DATASET RECORDS:
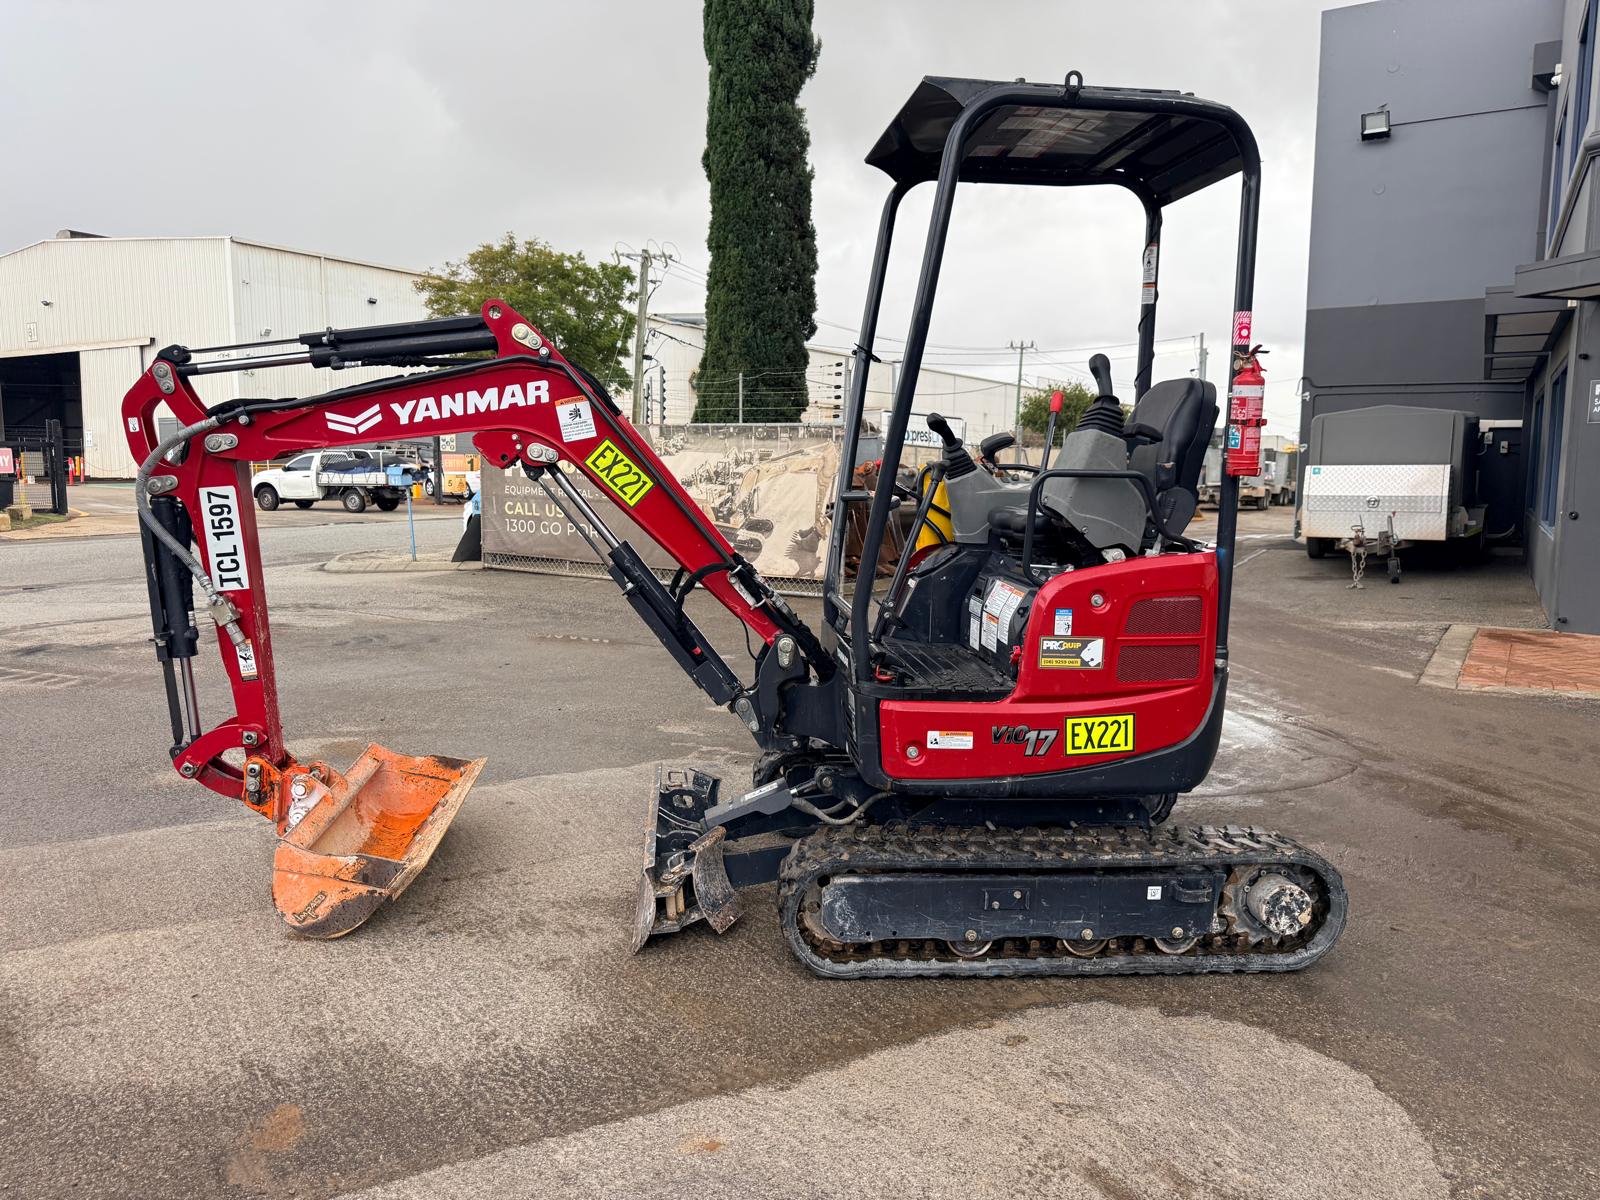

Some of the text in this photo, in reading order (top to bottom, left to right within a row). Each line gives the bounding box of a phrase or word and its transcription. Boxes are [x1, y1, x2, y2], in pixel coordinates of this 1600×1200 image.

[389, 379, 550, 425] YANMAR
[467, 458, 474, 471] 1
[591, 445, 648, 500] EX221
[557, 489, 594, 499] RTAL
[207, 491, 235, 541] 1597
[504, 501, 565, 518] CALL US
[505, 518, 536, 533] 1300
[540, 522, 562, 535] GO
[1071, 719, 1129, 751] EX221
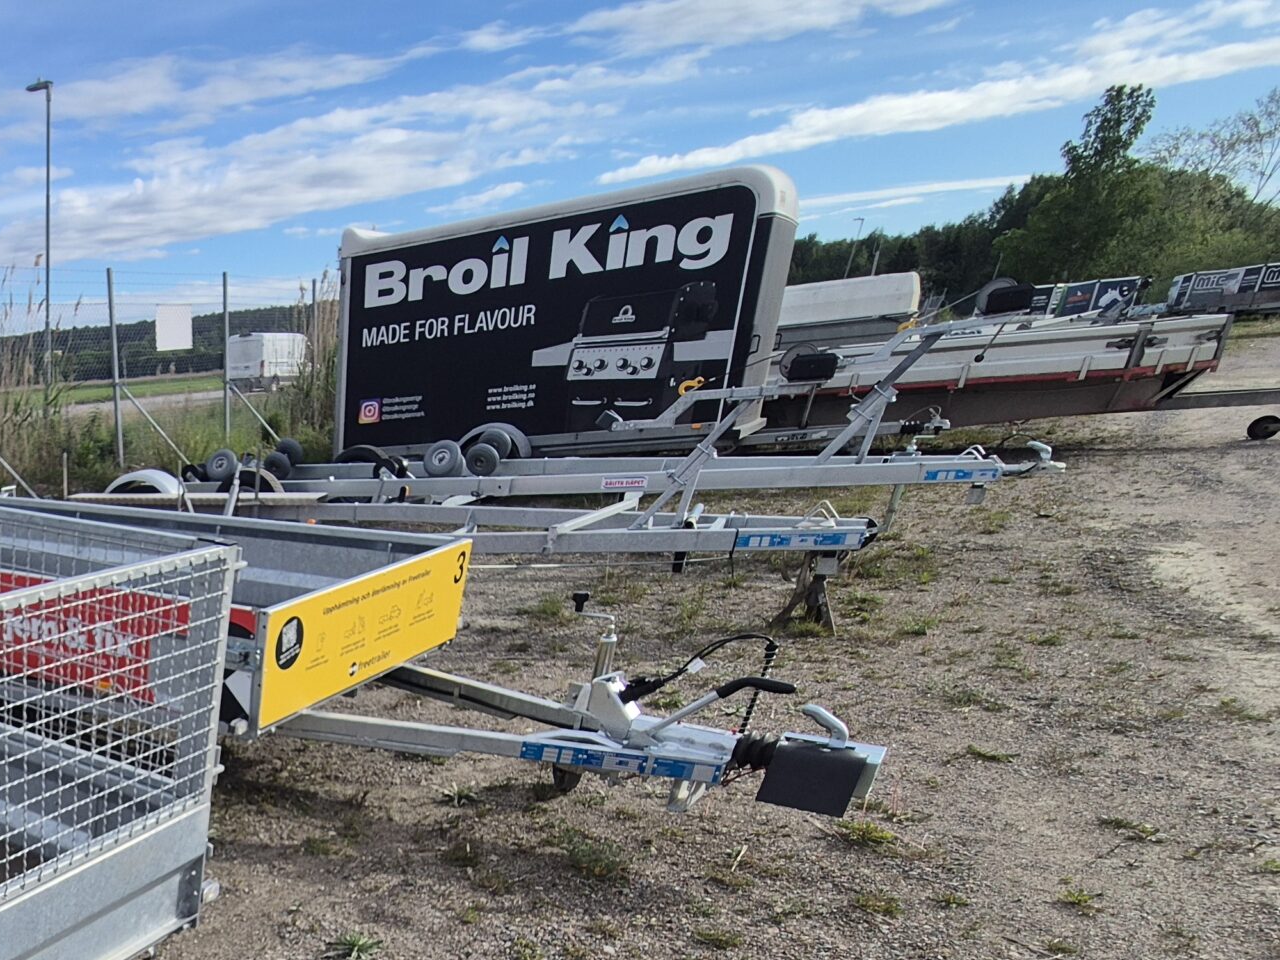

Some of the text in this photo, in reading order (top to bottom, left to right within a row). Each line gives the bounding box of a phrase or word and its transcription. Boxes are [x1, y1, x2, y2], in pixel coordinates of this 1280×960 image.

[363, 213, 735, 309] Broil King
[361, 304, 536, 348] MADE FOR FLAVOUR
[453, 550, 467, 584] 3
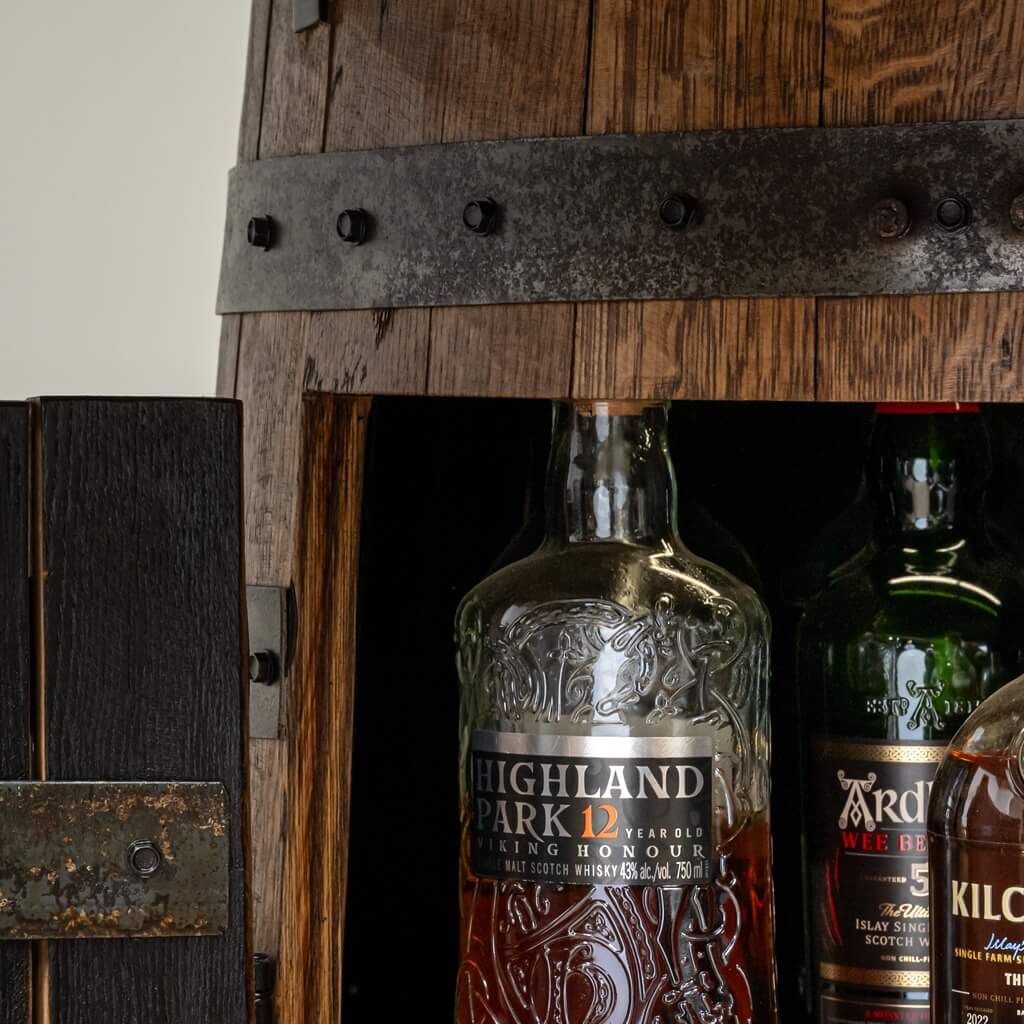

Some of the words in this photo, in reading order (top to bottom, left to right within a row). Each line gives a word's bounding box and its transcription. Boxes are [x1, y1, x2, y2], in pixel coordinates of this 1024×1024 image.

PROBLEM TO SOLVE: Every entry is to be reproduced word for word, and no image is carried over.

WORKED SOLUTION:
Some of the text in this photo, in reading order (top to bottom, left to right within a row). Each line gives the bounding box of a phrase or word and its transcription. Boxes are [x1, y1, x2, y2], in pixel coordinates of this 1600×1200 image.

[389, 379, 550, 425] YANMAR
[467, 458, 474, 471] 1
[591, 445, 648, 500] EX221
[557, 489, 594, 499] RTAL
[207, 491, 235, 541] 1597
[504, 501, 565, 518] CALL US
[505, 518, 536, 533] 1300
[540, 522, 562, 535] GO
[1071, 719, 1129, 751] EX221

Some of the text in this photo, in reading order (top to bottom, left to right within a row). Each line gives the bounding box of a phrase or word and its transcription. Boxes are [x1, y1, x2, y2], in pixel coordinates of this 1280×960 image.

[363, 213, 735, 309] Broil King
[361, 304, 536, 348] MADE FOR FLAVOUR
[453, 550, 467, 584] 3

Some of the words in this photo, in reading order (top to bottom, left to right within a row). Each line gives a word's bounding box and its transcription. Boxes are [x1, y1, x2, y2], in pixel coordinates of this 1024×1024 image.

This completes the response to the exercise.